One came late in the first quarter, when he threw Amari Cooper in the end zone and didn’t see rookie safety Jalen Pitre, who picked him off to preserve a 3-0 Texans lead. Another came a quarter after him, when the pocket fell upon him; he threw the ball incomplete to the flat after mistaking it, which would almost have resulted in a sideways throw.
Then, in the third quarter, there were consecutive snaps, on separate possessions, when his rust showed again. The first sack was on third-and-5; he didn’t feel the rush properly and climbed the puck right into the head of Houston’s Ogbo Okoronkwo. The second ball Watson bounced to Demetric Felton, up the right sideline – he threw it out of play-action and just plain dirty.
“The guy hasn’t played in two years,” says Cooper. “I mean, it’s not like he played last week. I think he played a good game to have such a huge layoff. At the end of the day, what really counts in this series is wins and losses. And that’s why it’s not a single-player game. Everyone is harping on Deshaun’s return. But at the end of the day, we all have to play well together.”

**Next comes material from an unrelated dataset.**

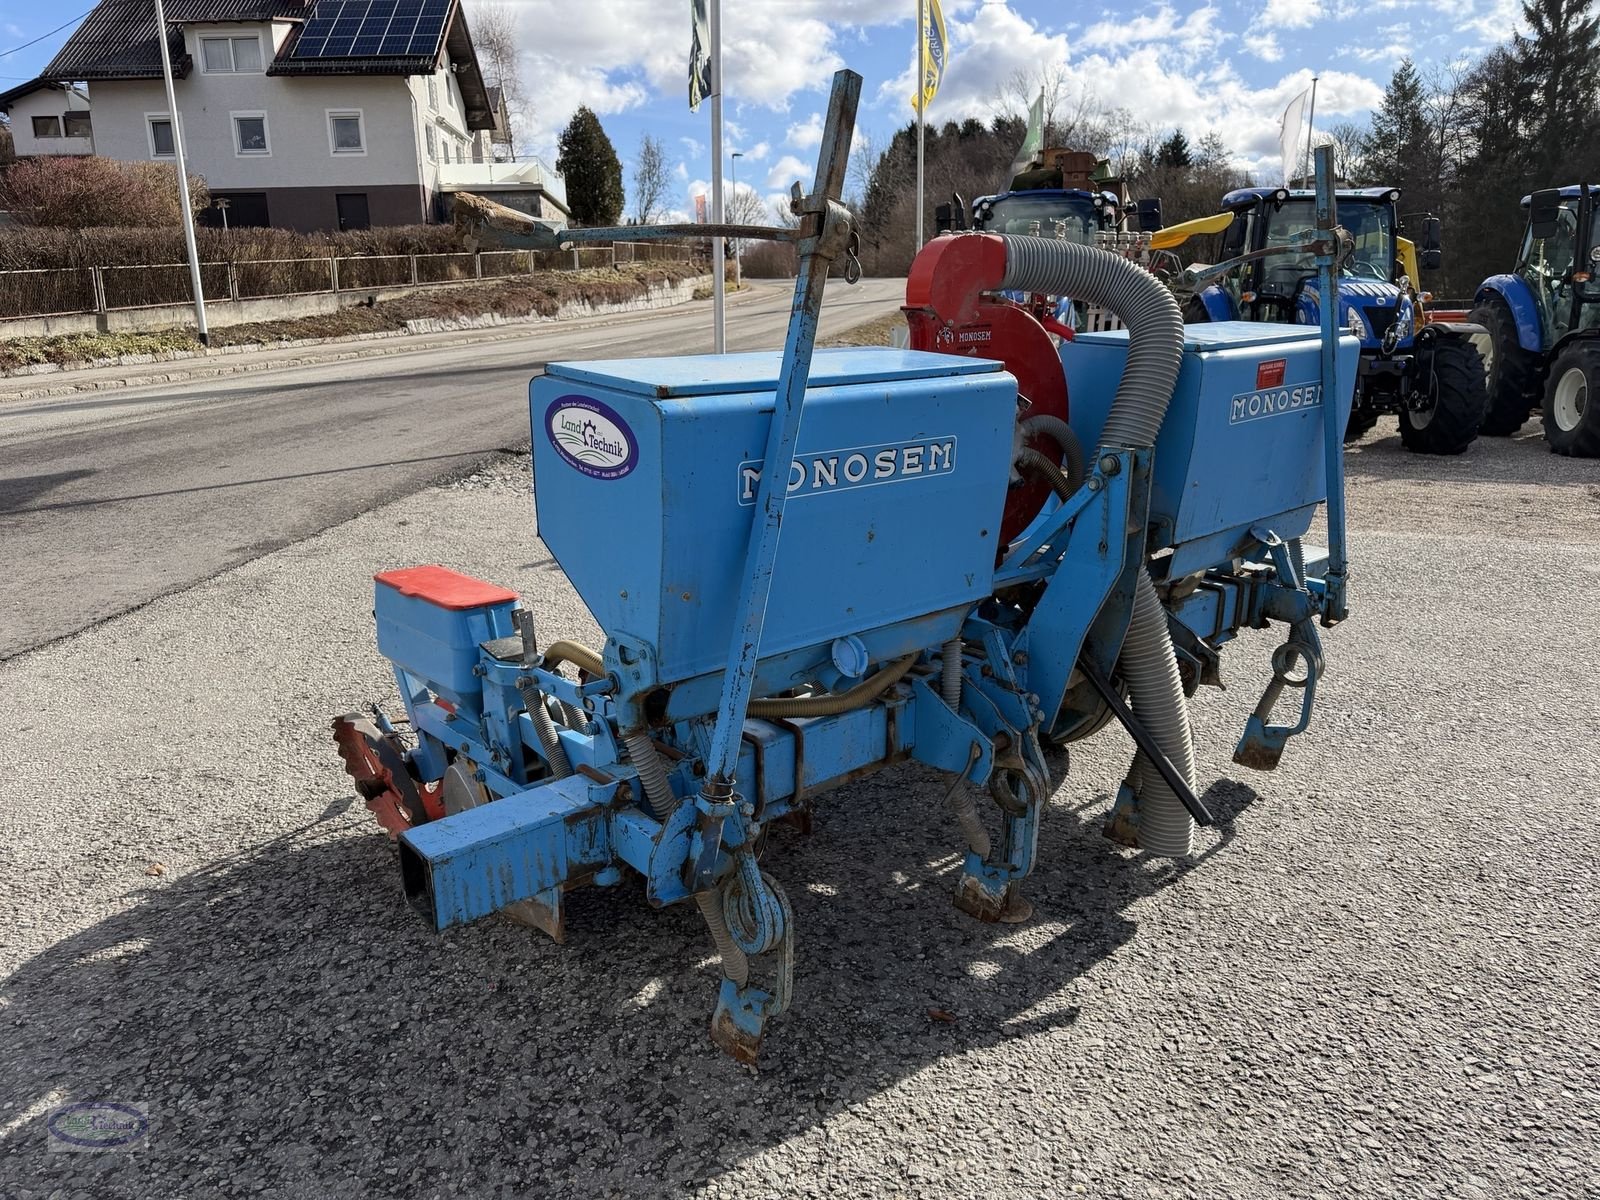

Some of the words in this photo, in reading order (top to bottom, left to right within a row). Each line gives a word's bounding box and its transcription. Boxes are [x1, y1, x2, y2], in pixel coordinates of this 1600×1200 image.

[959, 331, 992, 342] MONOSEM
[561, 415, 581, 434] Land
[589, 433, 623, 458] Technik
[742, 442, 953, 499] MONOSEM

And in that way, the Browns showed up for Watson.
On the play after Felton’s failed throw, Kareem Hunt ripped off a 15-yard run to get Cleveland back on schedule, sparking a drive that led to a 43-yard field goal by rookie Cade York to make it two properties. game.
All told, the Browns defense scored two goals (on Denzel Ward’s fumble return and Tony Fields’ Pick-Six), the special teams scored another (on Donovan Peoples-Jones’ punt return), and their fumble on a punt set up a field goal. Basically, the offense had one punt—they had the scoring drive in advance, but they also took a safety—and only one drive covered more than 45 yards.

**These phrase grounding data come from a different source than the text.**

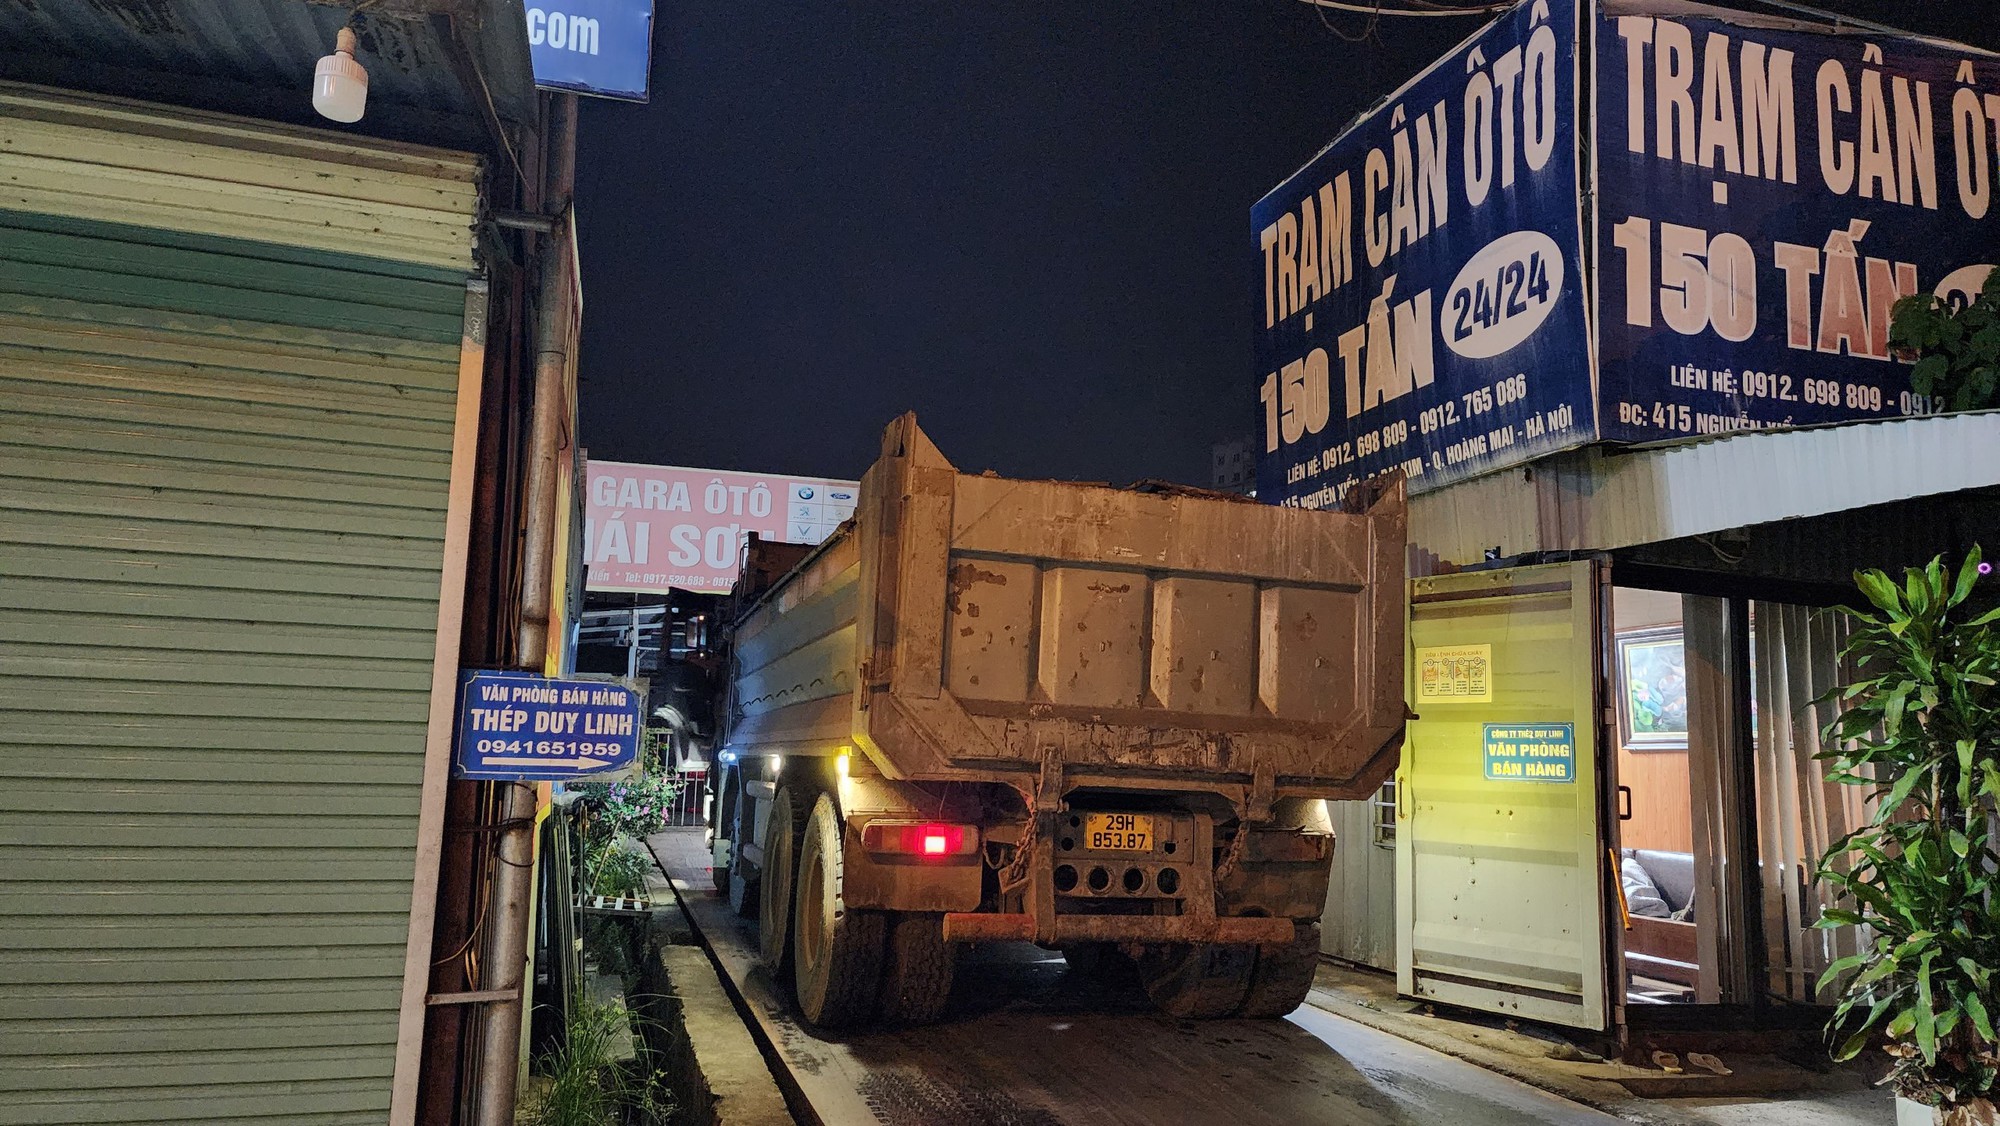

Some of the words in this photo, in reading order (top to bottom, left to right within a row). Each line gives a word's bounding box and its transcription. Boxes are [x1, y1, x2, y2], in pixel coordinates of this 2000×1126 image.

[526, 8, 600, 55] com
[1617, 15, 1798, 205] TRẠM
[1816, 43, 1938, 210] CÂN
[1261, 170, 1353, 331] TRẠM
[1364, 99, 1448, 268] CÂN
[1463, 0, 1556, 206] ÔTÔ
[1453, 250, 1550, 343] 24/24
[1613, 216, 1757, 342] 150
[1774, 218, 1920, 364] TẤN
[1261, 348, 1330, 454] 150
[1338, 273, 1435, 419] TẤN
[1670, 362, 1708, 391] LIÊN
[1742, 370, 1798, 402] 0912.
[1803, 377, 1840, 407] 698
[1846, 384, 1882, 412] 809
[1287, 462, 1306, 485] LIÊN
[1322, 442, 1355, 471] 0912.
[1357, 434, 1381, 457] 698
[1383, 420, 1408, 447] 809
[1419, 401, 1461, 434] 0912.
[1463, 389, 1492, 419] 765
[1496, 373, 1527, 406] 086
[1446, 437, 1487, 463] HOÀNG
[1489, 425, 1514, 449] MAI
[1526, 411, 1546, 438] HÀ
[1548, 403, 1573, 434] NỘI
[1619, 401, 1648, 427] ĐC:
[1652, 401, 1692, 432] 415
[592, 475, 692, 512] GARA
[704, 478, 773, 518] ÔTÔ
[667, 522, 775, 570] SƠ
[482, 684, 509, 702] VĂN
[513, 684, 558, 704] PHÒNG
[562, 687, 588, 705] BÁN
[592, 688, 627, 706] HÀNG
[471, 705, 528, 732] THÉP
[534, 711, 580, 734] DUY
[585, 713, 633, 736] LINH
[477, 739, 621, 756] 0941651959
[1488, 742, 1516, 756] VĂN
[1520, 741, 1569, 757] PHÒNG
[1493, 761, 1522, 775] BÁN
[1526, 761, 1565, 776] HÀNG
[1093, 832, 1146, 848] 853.87
[1106, 815, 1135, 831] 29H

While the offense struggled to find its footing, the defense scored two touchdowns, including a pick-six by Fields (42).
That said, there were positives hidden in the hole, too. Cooper had a cut into the third quarter (good for 13 yards) to convert a third down, on which he was working on a hi-lo backside concept, the defender felt the man underneath and threw behind him to Cooper it. Another Cooper throw on third down (this one for 10 yards) in the fourth quarter – he saw the nickel snapping inside the slot, so he threw the pass to Cooper behind him. And Peoples-Jones had a 27-yarder, just before the pick, when he stood up to position himself with an oncoming free rusher.
Then there were the flashes he showed while stretching plays and how his presence affected the way the defense could tackle the Browns’ running game, with the backs staying home to accounting for it rather than crashing down on current supports.
“Teams have to respect his ability to run the ball,” says Jack Conklin. “And that helps take away a defender that we have to deal with and it helps our running backs. I think you can see that’s going to flourish for us and help us in the future, just his incredible ability and speed. It’s going to be something that defenses have to deal with and respect.”
These are baby steps, of course. But after 700 days away, almost everyone agreed that those would still be necessary to get Watson back up to speed. They better win.
Now the question is, What next?
Next week, in Cincinnati, the media pressure probably won’t be there. The Bengals will welcome the Browns home at 8-4 with a lot on the line and a crowd more concerned about the AFC North race than anything. There will probably be signs, and boos, and all that. But it will also be another phase for Watson, as each week, the storyline and the crowd around Watson will fade. That’s just how these things work.
The Browns hope they can continue to buy him time to get comfortable, and he’ll be able to get closer to where he was two years ago.
“We’re making sure he knows he doesn’t have to be perfect. It doesn’t have to be Superman,” says Garrett. “We’ll be able to make plays, too. And when his time comes, we need a play, we know he’ll be able to make it. “
Another question is whether the right has been given to him at this point. But that question was not to be answered on Sunday. There wasn’t much else, football or otherwise, over a very strange weekend in Houston either.